In Figure 7c, both MGWR and MGWR-BME models exhibit right-shifted peaks, with the MGWR-BME curve appearing slightly flattened, indicating underestimation of peak density. It shows limited improvement in MGWR predictions when using El Niño years as prior knowledge. However, the integrated MGWR-BME model demonstrates a clearer peak and better fit in the low-value region.

Overall, the MGWR-BME model consistently outperforms the standalone MGWR model across all years, demonstrating improved fitting accuracy.
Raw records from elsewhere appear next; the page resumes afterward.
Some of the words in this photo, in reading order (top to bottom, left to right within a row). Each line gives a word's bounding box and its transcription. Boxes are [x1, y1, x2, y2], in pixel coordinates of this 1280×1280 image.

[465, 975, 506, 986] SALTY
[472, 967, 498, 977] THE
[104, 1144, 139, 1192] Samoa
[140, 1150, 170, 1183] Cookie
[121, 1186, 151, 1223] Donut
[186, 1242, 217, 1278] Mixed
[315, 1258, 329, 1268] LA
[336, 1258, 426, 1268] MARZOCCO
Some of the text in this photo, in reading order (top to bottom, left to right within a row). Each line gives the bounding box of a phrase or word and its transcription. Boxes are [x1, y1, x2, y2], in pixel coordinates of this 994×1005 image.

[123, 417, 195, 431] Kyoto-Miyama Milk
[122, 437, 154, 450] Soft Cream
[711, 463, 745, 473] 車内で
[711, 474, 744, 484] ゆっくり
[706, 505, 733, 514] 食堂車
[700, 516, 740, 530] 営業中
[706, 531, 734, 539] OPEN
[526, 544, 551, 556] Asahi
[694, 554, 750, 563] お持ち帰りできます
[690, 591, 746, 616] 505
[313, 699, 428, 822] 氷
Incorporating different climate types (e.g., La Niña and El Niño) as prior knowledge can further enhance model performance, particularly during extreme climate years when environmental variability is more pronounced.

4. Discussion

4.1. Uncertainty Characterization Under Different Climatic Conditions

Combining Figure 3 and Figure 4, it can be observed that under different climatic conditions, the spatial distribution of uncertainty (standard deviation), spatial patterns (mean values), and hotspot regions exhibit significant differences. Based on the long-term historical averages from 2004 to 2020, high skipjack tuna catch values are mainly concentrated west of 180° longitude. During La Niña years, owing to the presence of warmer water environments and resource aggregation in the central and western Pacific (especially west of 180°) [33], skipjack tuna catches significantly surpass the average levels. Conversely, during El Niño years, elevated sea surface temperatures and the expansion of the warm pool in the central and western Pacific cause skipjack tuna to shift towards the edges of the warm pool, leading to an eastward displacement of fishing grounds and a decline in resource abundance [34]. This pronounced climate-driven effect not only intensifies the interannual variability of skipjack tuna distribution but also amplifies its spatial heterogeneity.
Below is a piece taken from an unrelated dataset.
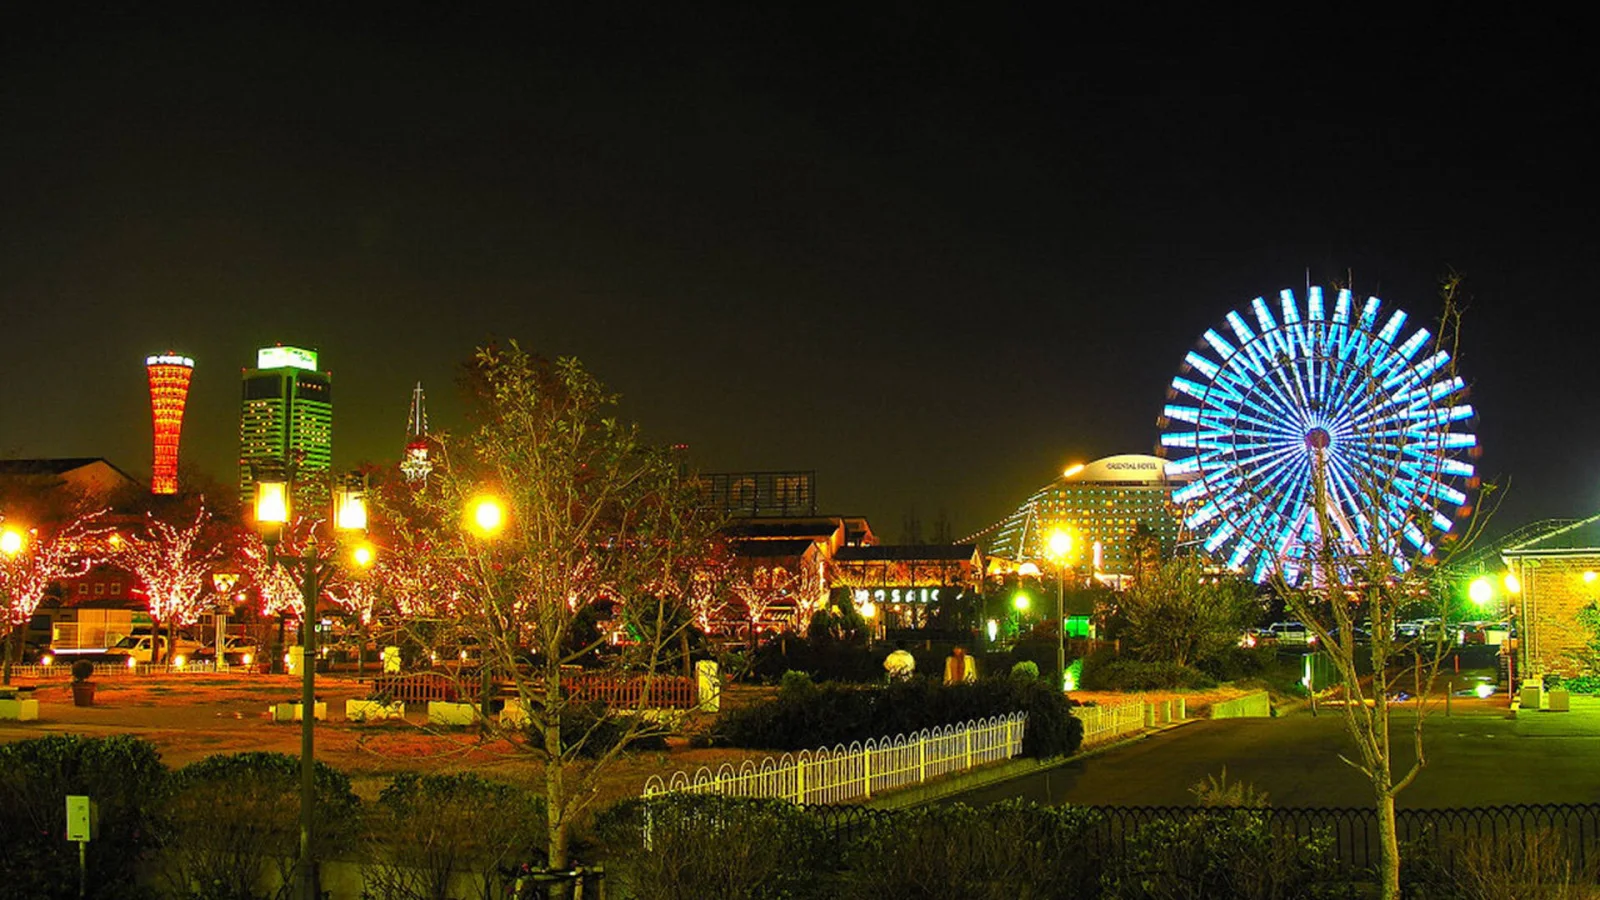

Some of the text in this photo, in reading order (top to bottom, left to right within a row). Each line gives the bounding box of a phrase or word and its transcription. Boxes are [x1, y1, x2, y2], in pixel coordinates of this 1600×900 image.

[1106, 462, 1157, 470] ORIENTAL HOTEL
[854, 588, 940, 603] MOSAIC
The spatial distribution characteristics of the mean catch and standard deviation (interannual variability uncertainty) of skipjack tuna in the central and western Pacific indicate significant spatial aggregation and interannual variability of the resource (Figure 4). High catch zones are primarily located in the core area of the warm pool west of 180°, where the sea surface temperature consistently ranges between 28 °C and 30 °C throughout the year [35], providing an optimal habitat for skipjack tuna. Notably, these high-yield regions spatially coincide with areas of elevated catch standard deviation, suggesting a strong correlation (R² = 0.54) between resource abundance and interannual variability [36]. Ocean currents and upwelling near the equatorial region play a crucial role in shaping the distribution of skipjack tuna. Upwelling brings abundant prey organisms, which facilitate the reproduction and growth of skipjack tuna. However, these oceanographic processes exhibit significant variability in the equatorial region, resulting in pronounced interannual fluctuations of skipjack tuna resources [37,38]. In contrast, sea surface temperature and salinity north of the equator tend to be more stable, lacking the pronounced seasonal and interannual variability observed near the equator [39]. The equatorial Pacific region exhibits particularly prominent interannual variability features, characterized by clusters of high standard deviation values, underscoring the critical regulatory role of climate variability on fishery resource distribution [40]. Key environmental parameters in this region, such as chlorophyll concentration and thermocline depth, show high sensitivity to the Niño 3.4 index. This close coupling directly influences interannual fluctuations in catch by altering skipjack tuna aggregation behavior.

In regions with favorable environmental conditions, skipjack tuna resources tend to aggregate densely, resulting in pronounced catch peaks within specific areas. Concurrently, influenced by the interannual variability of environmental factors, these regions exhibit substantial spatiotemporal fluctuations in resource abundance, leading to zones of high standard deviation. It is noteworthy that the spatial distribution of environmental factors in the central and western Pacific itself displays significant heterogeneity [41]. This uneven distribution drives skipjack tuna to concentrate in certain habitats. Moreover, the interannual variability of environmental factors further amplifies the fluctuations in resource distribution, ultimately causing a spatial overlap between high-catch zones and areas of elevated standard deviation.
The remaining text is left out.